Gli algoritmi sono attualmente al centro di un dibattito che diventa particolarmente acceso quando si vanno a toccare considerazioni di natura etica. Lea Strohm è co-direttrice di ethix – laboratorio per l’etica dell’innovazione, che mette in luce gli aspetti etici cruciali della trasformazione digitale. Nell’intervista spiega perché i processi decisionali basati su algoritmi non sono mai obiettivi, cosa serve per rendere gli algoritmi più equi e perché gli utenti e le utenti finali dovrebbero essere maggiormente al centro dell’attenzione.
Lea Strohm, da un punto di vista etico, cosa è concesso agli algoritmi?
Lea Strohm: Nel caso degli algoritmi non parlerei necessariamente di «concedere», perché secondo me la parola suggerisce che siano capaci di agire autonomamente, e non è così. Gli algoritmi fanno parte di un sistema generato da persone. Sono le persone a decidere sulle più svariate aree tematiche, su quali compiti vengono assegnati a un algoritmo e su come viene addestrato per svolgerli.
Esiste un numero infinito di algoritmi. Quali di essi hanno rilevanza dal punto di vista etico?
Strohm: Sono importanti soprattutto gli algoritmi che si riferiscono alle persone; la situazione diventa critica quando questi algoritmi prendono decisioni sulle persone. Vale a dire, quando è un computer a prendere una decisione che fino a quel momento veniva presa da persone. Qui si pone la questione degli effetti che ciò può avere sulla decisione e sul processo decisionale. Soprattutto all’inizio si pensava che il computer fosse più obiettivo delle persone perché non condizionato da simpatie, esperienze e pregiudizi personali, cosa che ovviamente non è vera.
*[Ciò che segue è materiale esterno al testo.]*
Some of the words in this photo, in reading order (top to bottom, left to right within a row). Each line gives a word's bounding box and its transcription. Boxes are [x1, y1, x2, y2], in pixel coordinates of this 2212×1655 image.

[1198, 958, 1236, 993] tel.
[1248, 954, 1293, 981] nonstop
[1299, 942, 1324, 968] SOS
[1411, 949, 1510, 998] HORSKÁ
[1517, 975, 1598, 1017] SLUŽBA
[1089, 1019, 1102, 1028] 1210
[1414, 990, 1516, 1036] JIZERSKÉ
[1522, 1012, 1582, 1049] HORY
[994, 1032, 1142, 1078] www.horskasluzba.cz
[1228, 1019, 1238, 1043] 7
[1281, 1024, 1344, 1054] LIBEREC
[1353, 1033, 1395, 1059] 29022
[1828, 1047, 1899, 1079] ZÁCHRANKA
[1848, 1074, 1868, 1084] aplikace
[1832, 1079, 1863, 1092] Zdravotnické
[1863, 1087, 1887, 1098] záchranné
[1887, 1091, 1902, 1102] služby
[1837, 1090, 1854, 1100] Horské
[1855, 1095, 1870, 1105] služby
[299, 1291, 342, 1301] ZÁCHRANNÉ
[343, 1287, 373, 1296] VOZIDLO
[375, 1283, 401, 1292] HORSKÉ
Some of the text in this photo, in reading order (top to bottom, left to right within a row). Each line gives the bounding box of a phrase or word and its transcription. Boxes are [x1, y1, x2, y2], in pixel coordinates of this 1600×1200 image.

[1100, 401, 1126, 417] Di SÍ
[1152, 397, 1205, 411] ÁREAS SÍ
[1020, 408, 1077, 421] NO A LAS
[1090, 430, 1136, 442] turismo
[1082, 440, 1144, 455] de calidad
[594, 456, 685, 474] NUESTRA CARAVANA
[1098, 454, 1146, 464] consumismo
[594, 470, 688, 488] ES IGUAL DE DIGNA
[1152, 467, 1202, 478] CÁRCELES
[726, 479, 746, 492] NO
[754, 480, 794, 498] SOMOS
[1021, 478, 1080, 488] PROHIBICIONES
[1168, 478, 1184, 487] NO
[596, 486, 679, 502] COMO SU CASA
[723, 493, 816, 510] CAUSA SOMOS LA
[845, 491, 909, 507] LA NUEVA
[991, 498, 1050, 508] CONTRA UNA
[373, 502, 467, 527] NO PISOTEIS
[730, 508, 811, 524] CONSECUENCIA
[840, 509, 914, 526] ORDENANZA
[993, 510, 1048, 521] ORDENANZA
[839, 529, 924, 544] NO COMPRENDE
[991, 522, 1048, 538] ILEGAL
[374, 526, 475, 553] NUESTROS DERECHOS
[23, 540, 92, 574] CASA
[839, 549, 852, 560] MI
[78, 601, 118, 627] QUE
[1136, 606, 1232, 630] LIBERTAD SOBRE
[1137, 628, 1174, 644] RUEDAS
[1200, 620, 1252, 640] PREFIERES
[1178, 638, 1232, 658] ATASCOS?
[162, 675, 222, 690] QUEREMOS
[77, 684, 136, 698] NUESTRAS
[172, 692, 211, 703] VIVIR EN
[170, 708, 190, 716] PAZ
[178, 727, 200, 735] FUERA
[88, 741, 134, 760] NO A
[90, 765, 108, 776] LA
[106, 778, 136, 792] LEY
Perché gli algoritmi non sono obiettivi?
Strohm: Gli algoritmi sono programmati da persone con il proprio corredo di valori e tali valori si riflettono a loro volta negli algoritmi. A ciò si aggiunge il fatto che i set di dati usati per addestrare gli algoritmi e i sistemi a prendere automaticamente delle decisioni spesso non sono privi di distorsioni, cosa che può portare alla discriminazione. Attualmente l’attenzione è concentrata su come impostare in modo più etico gli algoritmi a livello tecnico. Ma non dobbiamo però dimenticare che oggi ci sono ancora poche decisioni completamente automatizzate. Nella maggior parte dei casi gli algoritmi vengono utilizzati per aiutare le persone a prendere delle decisioni. Queste persone hanno a loro volta pregiudizi e valori. Perciò è importante che comprendano l’algoritmo e conoscano i suoi limiti, anche se spesso ciò non accade.
Può fare un esempio?
Strohm: In Germania, durante la crisi dei rifugiati c’erano dei funzionari dell’immigrazione che stabilivano l’accento di un profugo, da dove venisse e se dicesse o meno la verità solo in base a una registrazione della sua voce. Questo, insieme ad altri fattori, influenzava in positivo o in negativo la decisione di concedere l’asilo. In base alla registrazione, il computer emetteva un verdetto di probabilità, specificando ad esempio che la persona proveniva dalla Siria orientale con il 67,82 percento di probabilità. Questo numero suggeriva al personale che si trattasse di scienza esatta. Ma chi s’intende di calcoli di probabilità sa bene che tali dati si devono prendere in considerazione solo con riserva. I data scientist che hanno a che fare con questo materiale ogni giorno lo sanno, ma un impiegato o un’impiegata potrebbero non saperlo. Questo esempio dimostra che con gli algoritmi non è solo la tecnologia a essere un problema, ma anche come viene applicata e compresa.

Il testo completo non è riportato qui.